Pour s’excuser de n’avoir établi scientifiquement ni que le socialisme est désirable, ni qu’il est possible, ni par quels moyens, les socialistes disent avec Marx, Bernstein et, tout récemment, avec M. Lagardelle : « Le socialisme n’est pas un système, c’est un mouvement. » Formule spécieuse, qui, à y regarder de près, n’a guère de sens. Qu’est-ce qu’un mouvement sans une direction déterminée ? L’anti-socialisme est aussi un mouvement ; qu’est-ce qui le distingue, sinon le point vers lequel il tend ? Réclamer et prédire l’abolition de la propriété privée, l’établissement de la propriété collective, le renversement de la société présente, ce n’est pas un « système ? » Qu’est-ce qui sera donc un système ? L’entière subordination de tous les faits sociaux, même intellectuels, moraux et religieux, aux faits économiques, ce n’est pas un système ! La lutte des classes et la divinisation finale de la classe prolétarienne, ce n’est pas un système ? La théorie de la plus-value, l’abolition de tout profit, de tout revenu, de tout intérêt, de toute rente, etc., etc., ce n’est pas un système ? La vérité est que le collectivisme est un édifice idéal construit avec des données incomplètes, dans une région « utopique » et « uchronique, » au sens propre des mots. C’est le plus système de tous les systèmes ; c’est presque le système en soi. A moins que vous n’entendiez par mouvement socialiste une vague inquiétude du mieux : il se réduira alors à : « J’aspire. » Encore faut-il aspirer à quelque chose et, s’il s’agit d’améliorer le sort du peuple conformément à la justice, qui donc, sinon les égoïstes et les lâches, n’aspirera pas à ce progrès sans fin, devoir pour tous ? Comme système, le collectivisme est en dehors de la science ; comme a mouvement, » il se perd dans tous les mouvemens vers le mieux qui agitent notre époque.

Après avoir invoqué l’évolution pour motiver le droit au silence sur les voies et moyens de la société future, les socialistes actuels invoquent la « révolution » pour renverser la société présente, pour opérer la grande « liquidation sociale, » la redistribution universelle[1]. Les révolutionnaires veulent

  1. Beaucoup de collectivistes ont même une telle horreur des institutions et progrès qui pourraient rendre cette révolution inutile, que, à propos de l’exposition des œuvres philanthropiques, le chef du marxisme en France.
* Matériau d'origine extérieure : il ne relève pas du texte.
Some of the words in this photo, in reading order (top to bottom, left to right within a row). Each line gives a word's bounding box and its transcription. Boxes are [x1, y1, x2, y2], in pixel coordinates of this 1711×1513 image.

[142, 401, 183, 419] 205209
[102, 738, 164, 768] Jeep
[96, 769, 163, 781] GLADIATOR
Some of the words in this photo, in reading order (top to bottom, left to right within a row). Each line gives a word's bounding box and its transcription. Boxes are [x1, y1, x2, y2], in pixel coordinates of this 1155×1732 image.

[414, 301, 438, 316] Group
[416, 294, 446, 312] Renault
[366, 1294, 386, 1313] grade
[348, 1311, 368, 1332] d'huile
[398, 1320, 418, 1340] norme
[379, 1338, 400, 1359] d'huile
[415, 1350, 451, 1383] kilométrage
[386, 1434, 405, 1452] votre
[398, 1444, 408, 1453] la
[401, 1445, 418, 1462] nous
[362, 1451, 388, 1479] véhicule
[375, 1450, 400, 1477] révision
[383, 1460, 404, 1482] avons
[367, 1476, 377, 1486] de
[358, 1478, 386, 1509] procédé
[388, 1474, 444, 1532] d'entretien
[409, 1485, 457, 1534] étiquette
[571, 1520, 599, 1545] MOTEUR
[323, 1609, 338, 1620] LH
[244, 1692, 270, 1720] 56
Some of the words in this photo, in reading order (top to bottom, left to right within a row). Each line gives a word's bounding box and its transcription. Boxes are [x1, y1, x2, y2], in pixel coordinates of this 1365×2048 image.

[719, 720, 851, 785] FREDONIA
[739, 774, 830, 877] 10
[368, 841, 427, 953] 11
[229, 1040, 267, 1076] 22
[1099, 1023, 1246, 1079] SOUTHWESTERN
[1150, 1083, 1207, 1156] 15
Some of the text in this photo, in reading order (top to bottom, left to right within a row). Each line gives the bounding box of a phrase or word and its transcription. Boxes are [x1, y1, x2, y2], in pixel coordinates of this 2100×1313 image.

M. Jules Guesde s’écriait : « Cette véritable exposition, dans le sens judiciaire et infamant du mot, ne fera que fournir au prolétariat humilié et volé de nouvelles raisons et de nouvelles forces pour suivre sa voie révolutionnaire. (La Lanterne du 26 août 1898.) » Nous doutons que ce soit là de la « science. » Nous ne trouvons rien d’infamant dans les millions que, de toutes parts, la philanthropie apporte aux malheureux de Messine. Quel État, même collectiviste, aurait osé leur voter tous ces millions que l’initiative individuelle leur prodigue ?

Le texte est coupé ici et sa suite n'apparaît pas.